▶ **WORK REQUEST**: All entries must come back exactly as given, with no pictures in the copy.

Data excerpts
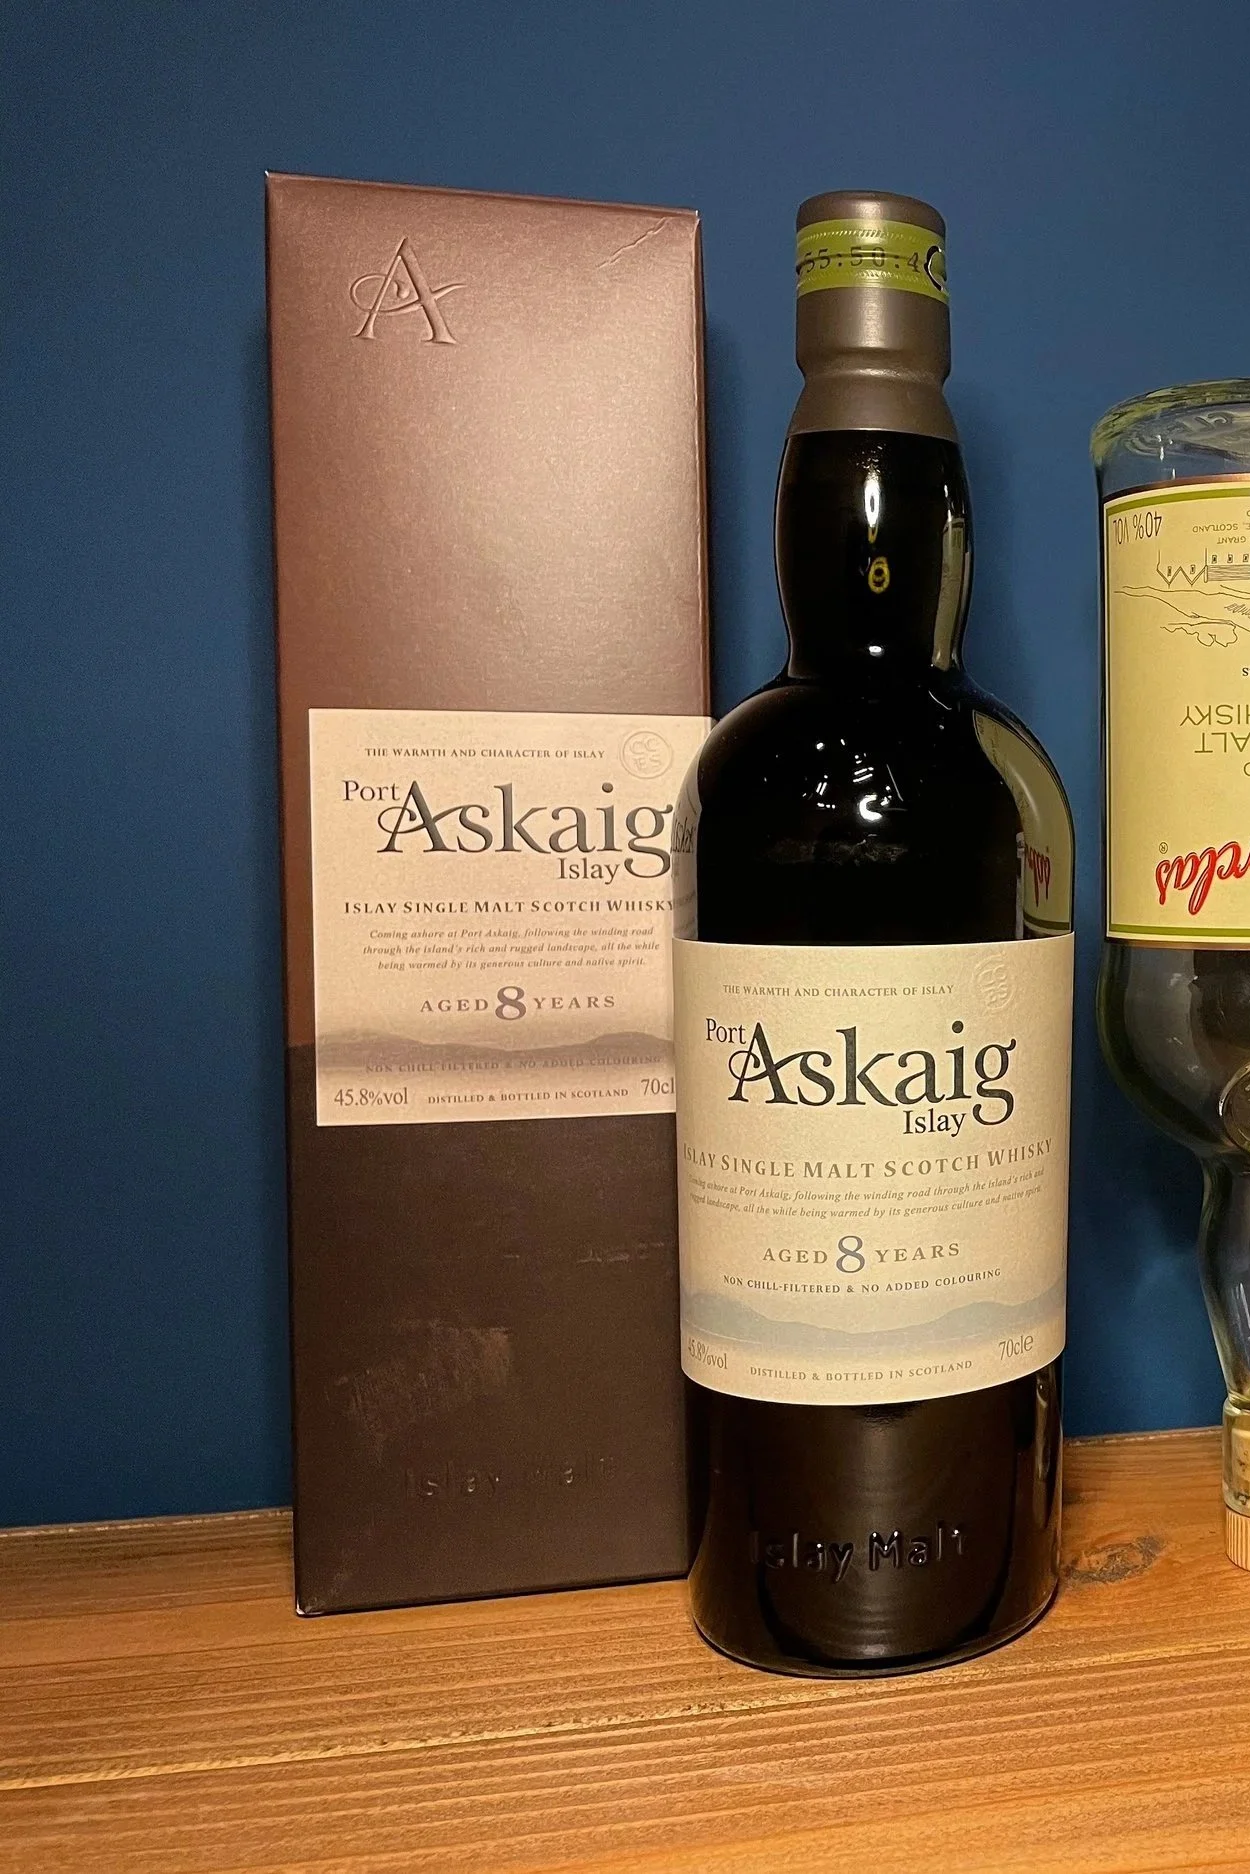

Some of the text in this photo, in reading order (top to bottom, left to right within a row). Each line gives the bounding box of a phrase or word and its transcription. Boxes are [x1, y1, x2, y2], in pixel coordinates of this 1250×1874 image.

[350, 237, 468, 345] A
[1113, 510, 1162, 546] 40% VOL
[1192, 522, 1239, 533] SCOTLAND
[1216, 534, 1246, 545] GRANT
[365, 748, 605, 759] THE WARMTH AND CHARACTER OF ISLAY
[342, 780, 400, 801] Port
[377, 780, 673, 879] Askaig
[558, 857, 620, 884] Islay
[344, 899, 673, 915] ISLAY SINGLE MALT SCOTCH WHISKY
[420, 985, 616, 1020] AGED 8 YEARS
[723, 984, 954, 997] THE WARMTH AND CHARACTER OF ISLAY
[706, 1018, 1017, 1126] Port Askaig
[334, 1087, 408, 1107] 45.8%vol
[641, 1078, 675, 1096] 70cl
[902, 1110, 966, 1137] Islay
[683, 1138, 1053, 1179] ISLAY SINGLE MALT SCOTCH WHISKY
[763, 1236, 960, 1274] AGED 8 YEARS
[724, 1268, 1001, 1293] NON CHILL-FILTERED & NO ADDED COLOURING
[750, 1360, 972, 1382] DISTILLED & BOTTLED IN SCOTLAND
[750, 1520, 964, 1583] Islay Malt

▶ **ANSWER BOX**:
Some of the text in this photo, in reading order (top to bottom, left to right within a row). Each line gives the bounding box of a phrase or word and its transcription. Boxes are [x1, y1, x2, y2], in pixel coordinates of this 1250×1874 image.

[350, 237, 468, 345] A
[1113, 510, 1162, 546] 40% VOL
[1192, 522, 1239, 533] SCOTLAND
[1216, 534, 1246, 545] GRANT
[365, 748, 605, 759] THE WARMTH AND CHARACTER OF ISLAY
[342, 780, 400, 801] Port
[377, 780, 673, 879] Askaig
[558, 857, 620, 884] Islay
[344, 899, 673, 915] ISLAY SINGLE MALT SCOTCH WHISKY
[420, 985, 616, 1020] AGED 8 YEARS
[723, 984, 954, 997] THE WARMTH AND CHARACTER OF ISLAY
[706, 1018, 1017, 1126] Port Askaig
[334, 1087, 408, 1107] 45.8%vol
[641, 1078, 675, 1096] 70cl
[902, 1110, 966, 1137] Islay
[683, 1138, 1053, 1179] ISLAY SINGLE MALT SCOTCH WHISKY
[763, 1236, 960, 1274] AGED 8 YEARS
[724, 1268, 1001, 1293] NON CHILL-FILTERED & NO ADDED COLOURING
[750, 1360, 972, 1382] DISTILLED & BOTTLED IN SCOTLAND
[750, 1520, 964, 1583] Islay Malt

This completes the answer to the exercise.